**Action item**. Each entry below must come back exactly as written, without its pictures.

**Saved data entries**.
========================

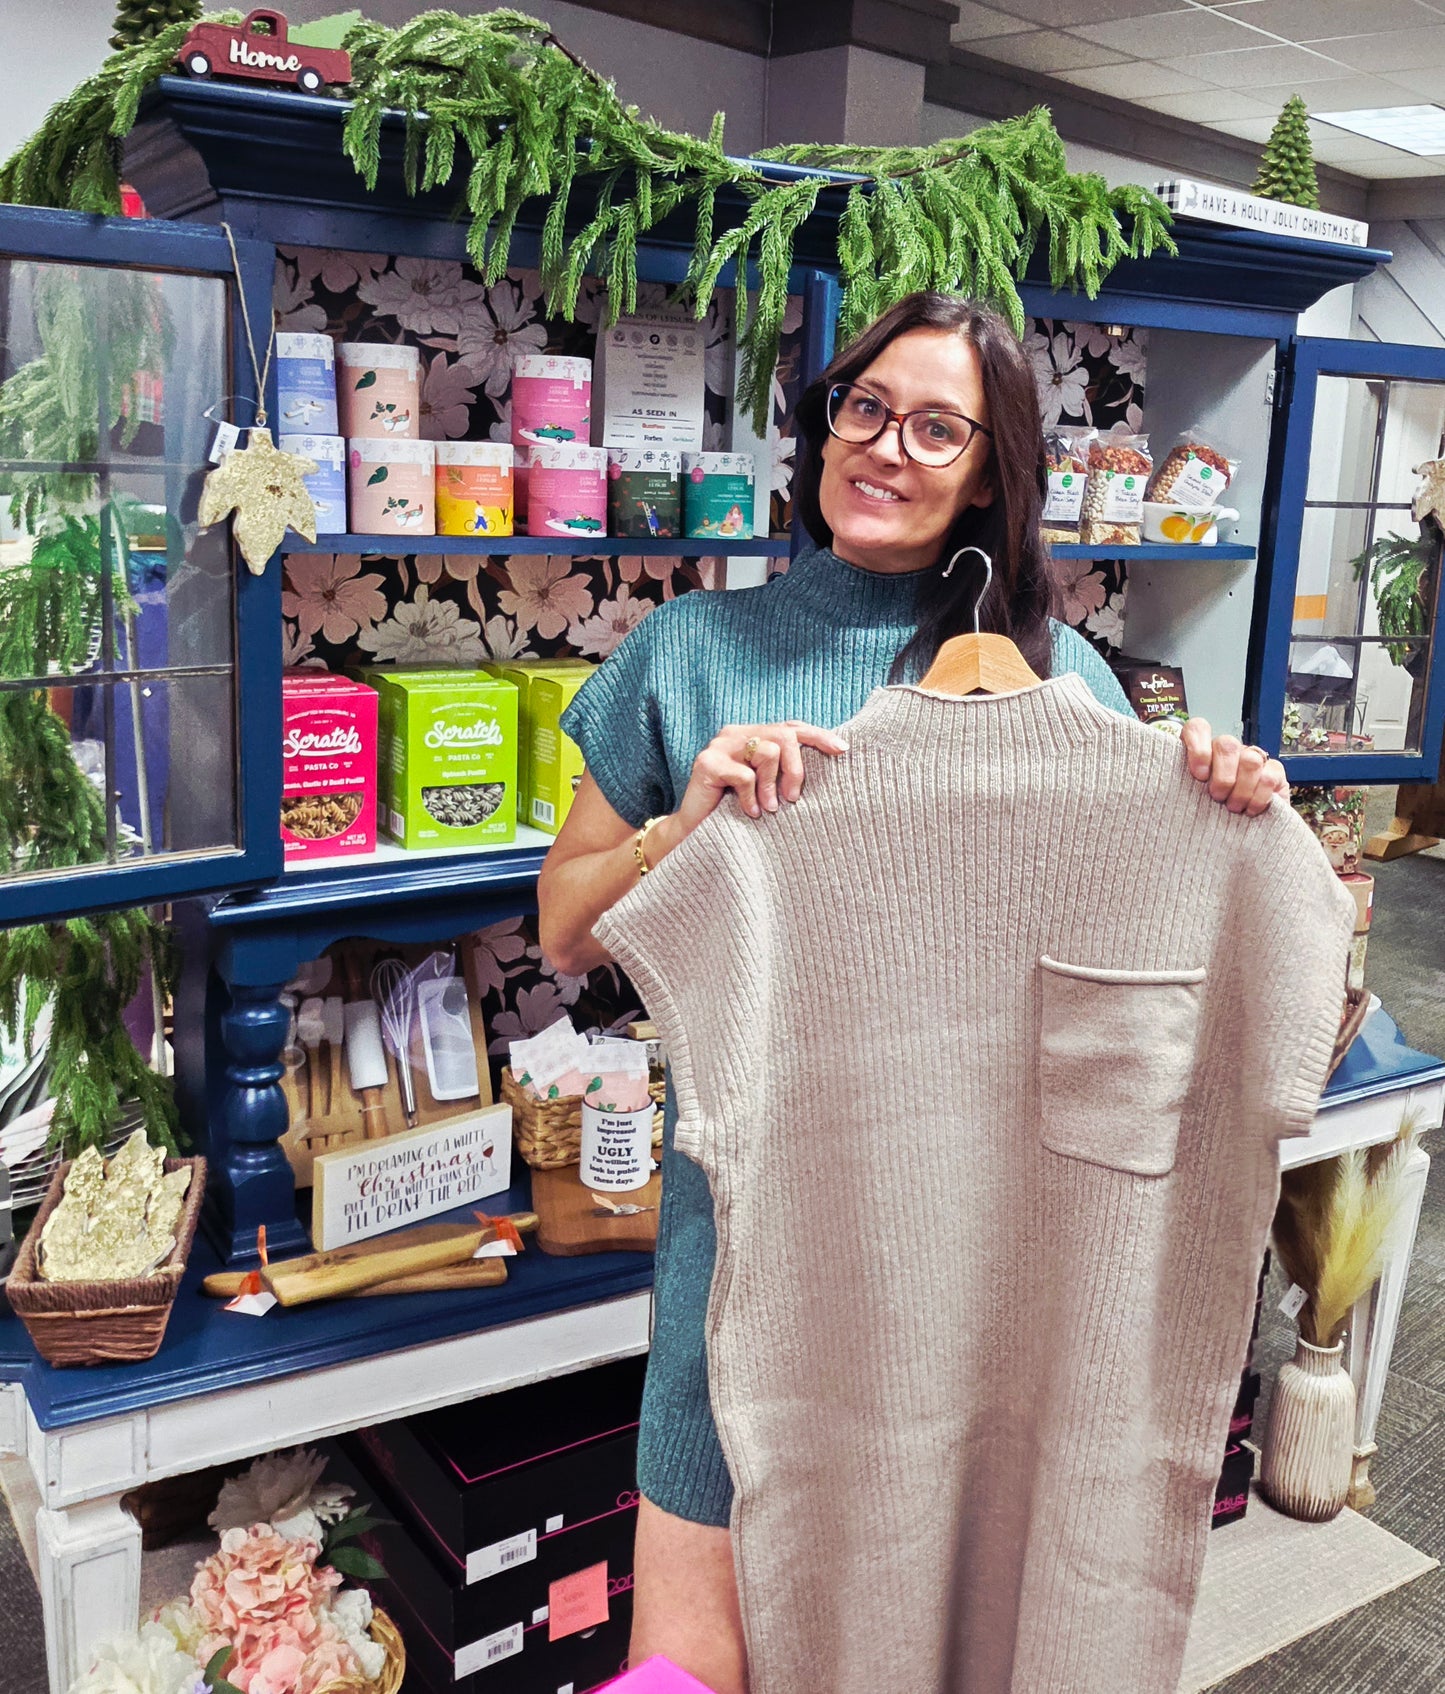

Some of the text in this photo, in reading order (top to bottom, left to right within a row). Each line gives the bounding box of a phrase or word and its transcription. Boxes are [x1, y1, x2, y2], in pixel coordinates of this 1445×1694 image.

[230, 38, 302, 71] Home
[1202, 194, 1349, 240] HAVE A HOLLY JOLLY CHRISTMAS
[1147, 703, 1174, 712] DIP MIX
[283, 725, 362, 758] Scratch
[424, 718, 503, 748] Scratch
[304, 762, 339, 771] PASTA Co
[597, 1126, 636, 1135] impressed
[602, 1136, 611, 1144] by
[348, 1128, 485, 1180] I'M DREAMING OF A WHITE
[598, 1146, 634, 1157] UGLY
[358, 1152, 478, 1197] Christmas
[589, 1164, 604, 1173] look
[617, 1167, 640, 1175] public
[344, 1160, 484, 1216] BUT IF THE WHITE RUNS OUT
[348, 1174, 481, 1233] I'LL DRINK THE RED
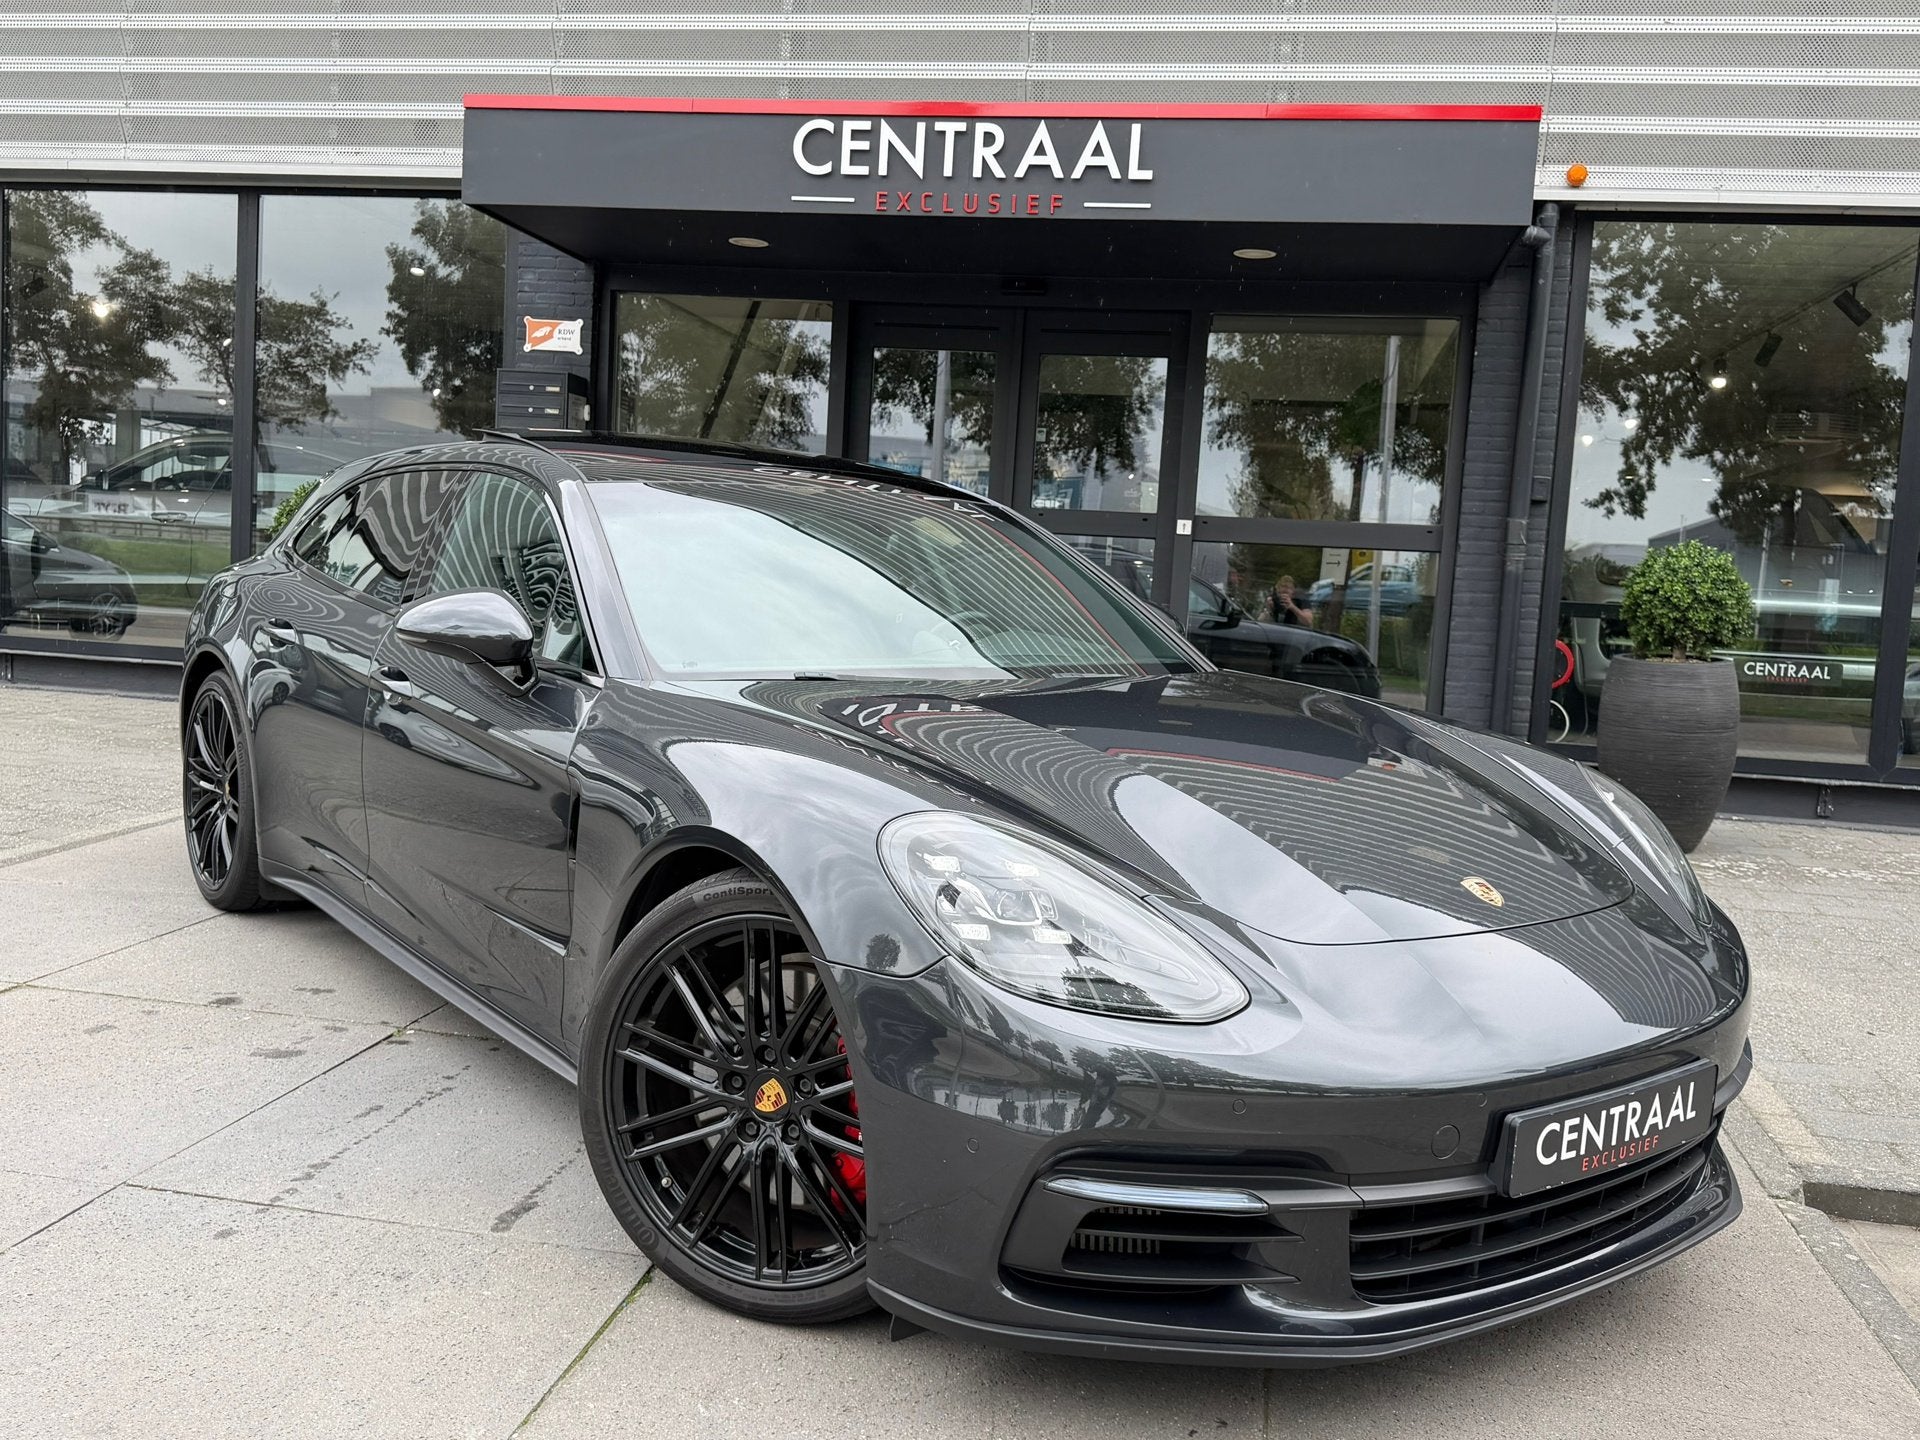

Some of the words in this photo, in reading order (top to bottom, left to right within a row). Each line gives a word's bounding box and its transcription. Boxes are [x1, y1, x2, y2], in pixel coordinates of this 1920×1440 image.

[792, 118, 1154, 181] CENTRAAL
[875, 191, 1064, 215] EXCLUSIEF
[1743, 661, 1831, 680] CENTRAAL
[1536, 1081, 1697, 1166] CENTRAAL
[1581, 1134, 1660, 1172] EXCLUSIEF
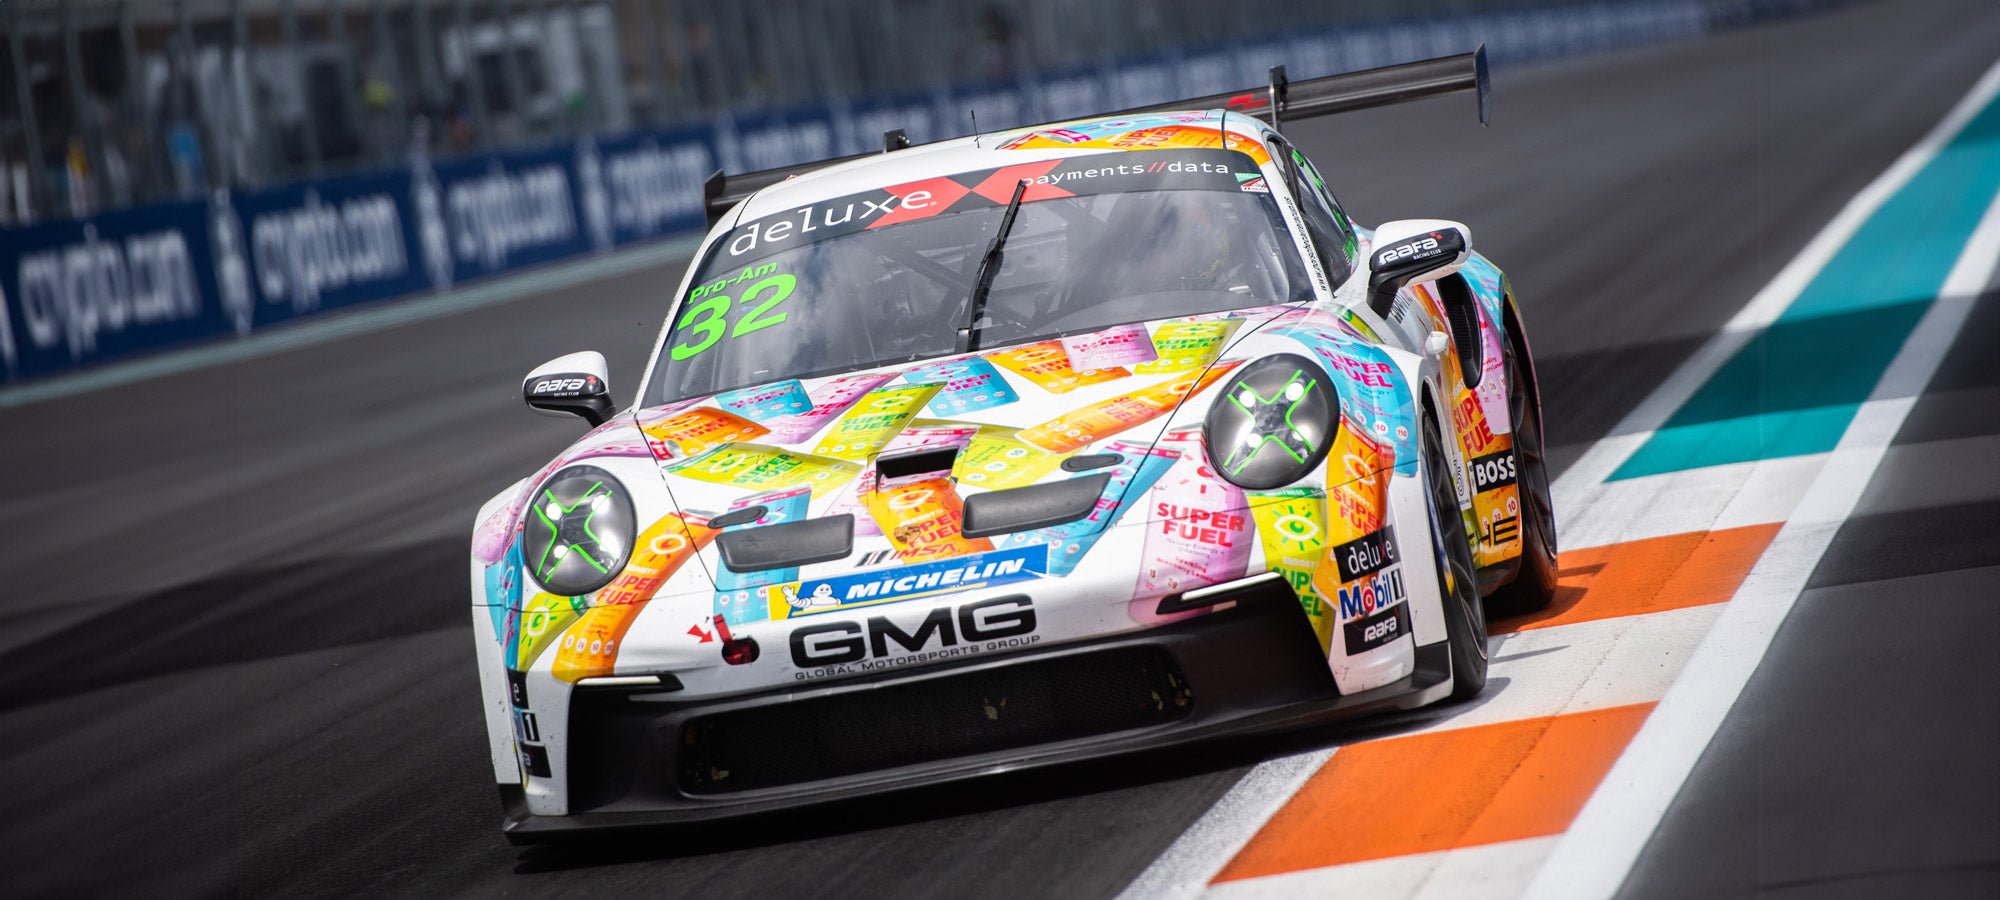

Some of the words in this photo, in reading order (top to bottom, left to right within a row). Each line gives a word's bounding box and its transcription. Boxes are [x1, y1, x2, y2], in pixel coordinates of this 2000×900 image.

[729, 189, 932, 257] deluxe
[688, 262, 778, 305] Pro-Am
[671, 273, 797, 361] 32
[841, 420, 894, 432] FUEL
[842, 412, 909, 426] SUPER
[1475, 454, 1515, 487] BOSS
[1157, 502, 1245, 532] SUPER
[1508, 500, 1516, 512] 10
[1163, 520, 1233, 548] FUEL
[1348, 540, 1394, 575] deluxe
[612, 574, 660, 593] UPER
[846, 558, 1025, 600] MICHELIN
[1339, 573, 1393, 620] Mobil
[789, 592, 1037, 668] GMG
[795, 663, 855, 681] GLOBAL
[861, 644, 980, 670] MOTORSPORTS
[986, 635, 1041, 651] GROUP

========================

**Answer for this exercise**.
Some of the text in this photo, in reading order (top to bottom, left to right within a row). Each line gives the bounding box of a phrase or word and its transcription. Boxes are [x1, y1, x2, y2], in pixel coordinates of this 1445×1694 image.

[230, 38, 302, 71] Home
[1202, 194, 1349, 240] HAVE A HOLLY JOLLY CHRISTMAS
[1147, 703, 1174, 712] DIP MIX
[283, 725, 362, 758] Scratch
[424, 718, 503, 748] Scratch
[304, 762, 339, 771] PASTA Co
[597, 1126, 636, 1135] impressed
[602, 1136, 611, 1144] by
[348, 1128, 485, 1180] I'M DREAMING OF A WHITE
[598, 1146, 634, 1157] UGLY
[358, 1152, 478, 1197] Christmas
[589, 1164, 604, 1173] look
[617, 1167, 640, 1175] public
[344, 1160, 484, 1216] BUT IF THE WHITE RUNS OUT
[348, 1174, 481, 1233] I'LL DRINK THE RED

Some of the words in this photo, in reading order (top to bottom, left to right within a row). Each line gives a word's bounding box and its transcription. Boxes are [x1, y1, x2, y2], in pixel coordinates of this 1920×1440 image.

[792, 118, 1154, 181] CENTRAAL
[875, 191, 1064, 215] EXCLUSIEF
[1743, 661, 1831, 680] CENTRAAL
[1536, 1081, 1697, 1166] CENTRAAL
[1581, 1134, 1660, 1172] EXCLUSIEF

Some of the words in this photo, in reading order (top to bottom, left to right within a row). Each line gives a word's bounding box and its transcription. Boxes are [x1, y1, x2, y2], in pixel coordinates of this 2000×900 image.

[729, 189, 932, 257] deluxe
[688, 262, 778, 305] Pro-Am
[671, 273, 797, 361] 32
[841, 420, 894, 432] FUEL
[842, 412, 909, 426] SUPER
[1475, 454, 1515, 487] BOSS
[1157, 502, 1245, 532] SUPER
[1508, 500, 1516, 512] 10
[1163, 520, 1233, 548] FUEL
[1348, 540, 1394, 575] deluxe
[612, 574, 660, 593] UPER
[846, 558, 1025, 600] MICHELIN
[1339, 573, 1393, 620] Mobil
[789, 592, 1037, 668] GMG
[795, 663, 855, 681] GLOBAL
[861, 644, 980, 670] MOTORSPORTS
[986, 635, 1041, 651] GROUP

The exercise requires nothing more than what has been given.